Health and Disability Commissioner Anthony Hill today released a report finding a General Practitioner (GP) in breach of the Code of Health and Disability Services Consumers’ Rights (the Code) for failures relating to the communication and follow up of abnormal blood tests.

A woman visited the GP, having experienced intermittent abdominal pain after eating. He diagnosed indigestion, prescribed omeprazole, and ordered blood tests. He told the woman and her son, who was acting as her translator, to return if the pain persisted.

However, as the pain improved over the following two weeks, the woman did not return and her son said he expected the GP would call him if the results were abnormal.

The results showed the liver function tests (LFT) were raised, which can indicate liver problems. The GP ordered further tests from the lab but did not let the woman or her son know about the abnormal test results.

When staying in another region with her daughter, the woman’s pain worsened and she saw a different GP who also ordered tests. When the second GP called the daughter about the abnormal LFT result, the woman was experiencing severe pain and the GP told her to take her mother to the Emergency Department where the woman was diagnosed with gall stone pancreatitis. She subsequently had her gall bladder removed.

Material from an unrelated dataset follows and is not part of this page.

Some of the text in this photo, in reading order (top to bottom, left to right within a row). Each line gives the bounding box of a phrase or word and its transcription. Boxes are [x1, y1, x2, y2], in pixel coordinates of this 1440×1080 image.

Anthony Hill considered that the first GP failed to communicate abnormal test results to the patient and failed to act on the results appropriately.

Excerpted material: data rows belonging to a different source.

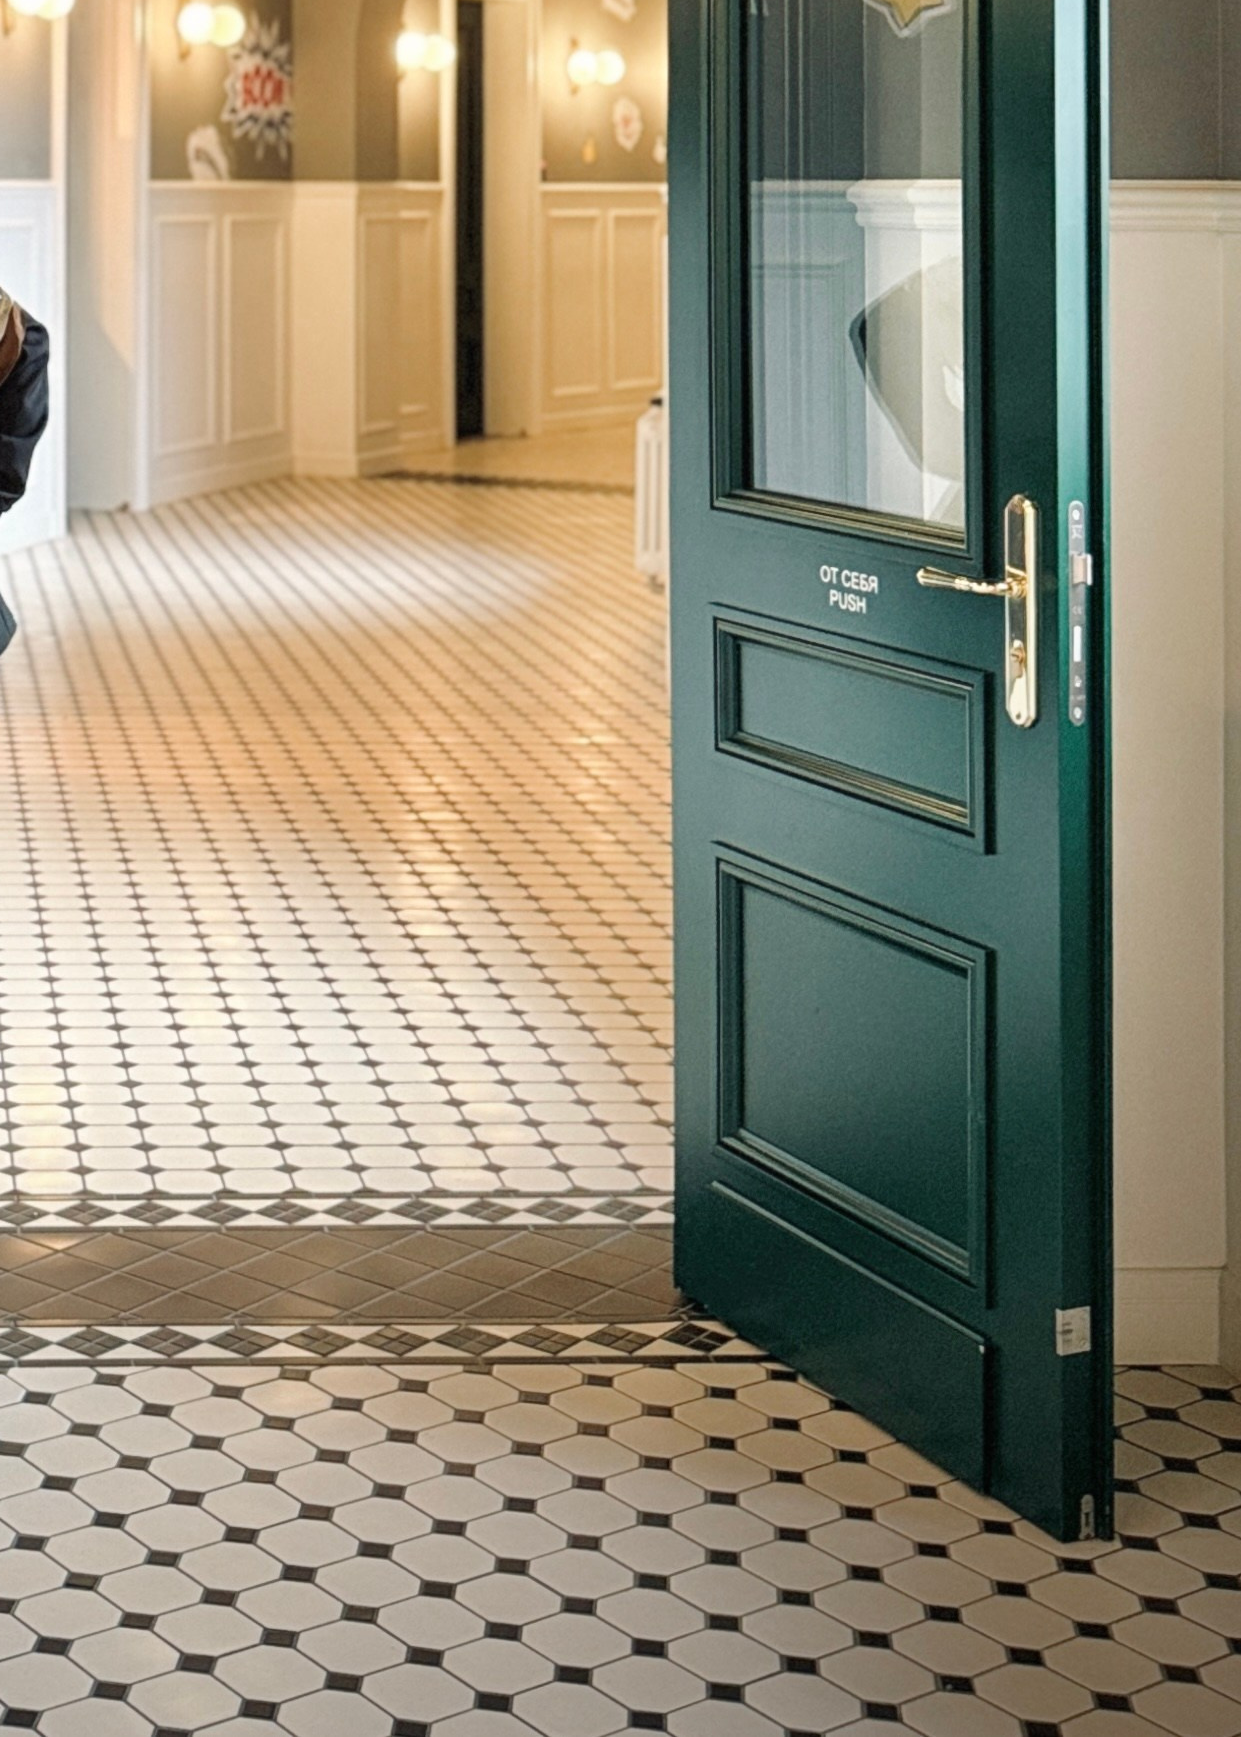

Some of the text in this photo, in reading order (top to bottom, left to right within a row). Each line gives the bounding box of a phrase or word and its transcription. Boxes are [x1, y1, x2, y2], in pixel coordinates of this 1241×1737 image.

[819, 565, 879, 594] ОТ СЕБЯ
[829, 589, 867, 614] PUSH
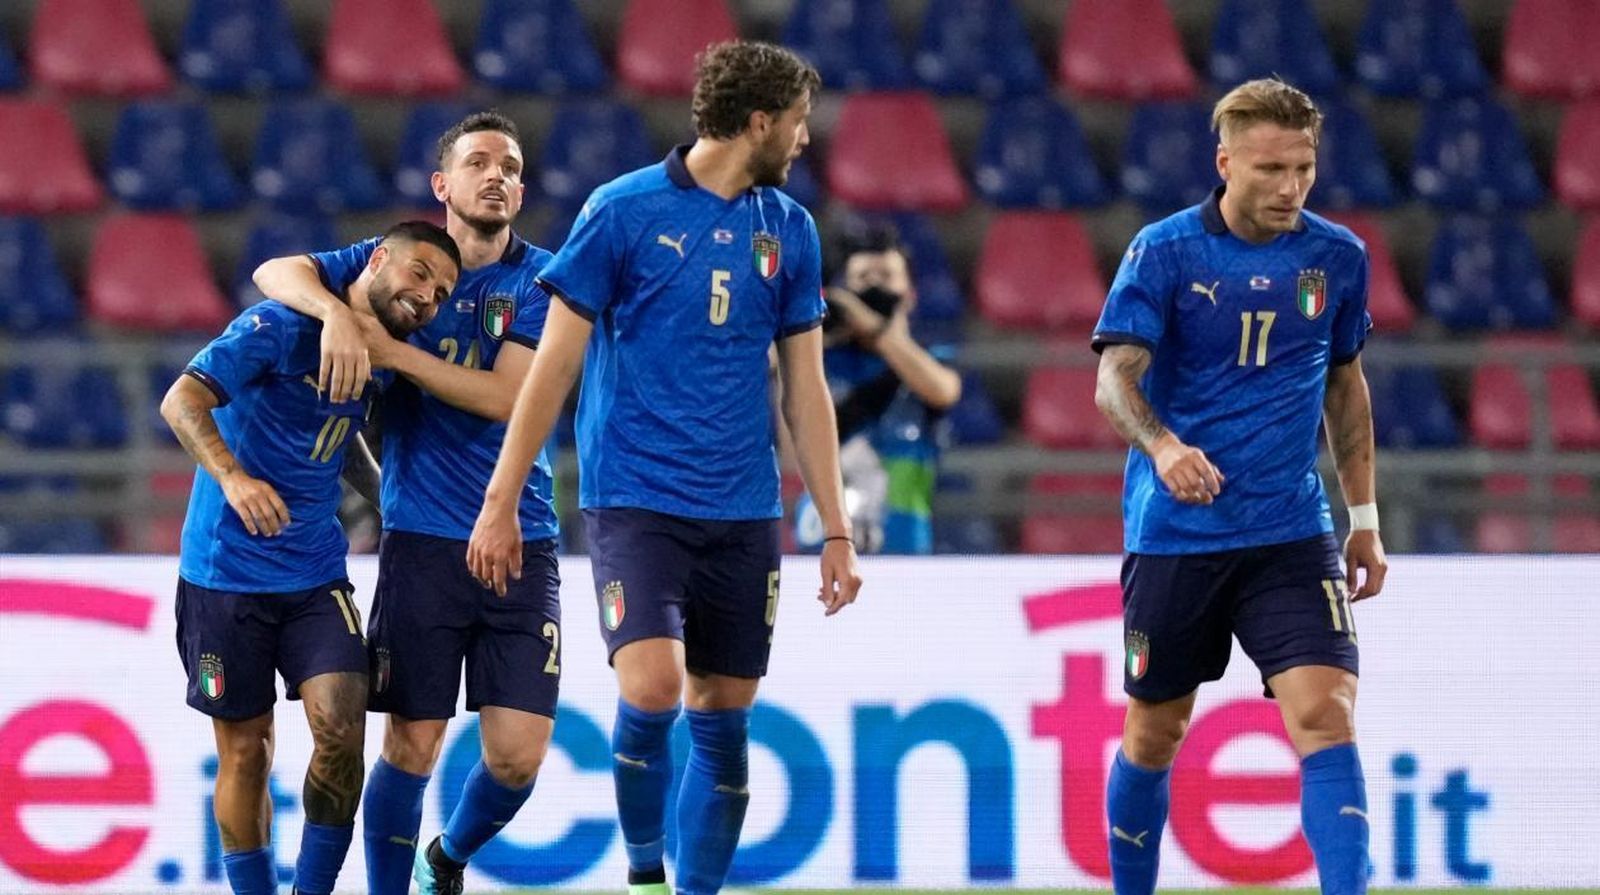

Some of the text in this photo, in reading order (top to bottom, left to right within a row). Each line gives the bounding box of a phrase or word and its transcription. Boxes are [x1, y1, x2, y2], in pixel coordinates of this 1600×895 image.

[709, 269, 731, 326] 5
[1237, 311, 1277, 367] 17
[309, 414, 351, 463] 10
[439, 650, 1492, 887] conteit

"As the clinician who ordered the blood tests, the doctor had a responsibility to communicate the results and the implications. By failing to inform the woman on the results, the doctor failed to provide her with information that a reasonable person would expect to receive," Mr Hill said.

"In light of the test results, which were well outside the normal range, the doctor also had a responsibility to arrange further assessment of her condition."

Anthony Hill recommended that the GP apologise to the woman and arrange an independent audit of his record to ensure all abnormal test results had been communicated and followed up appropriately.

The full report for case 18HDC01602 is available on the HDC website.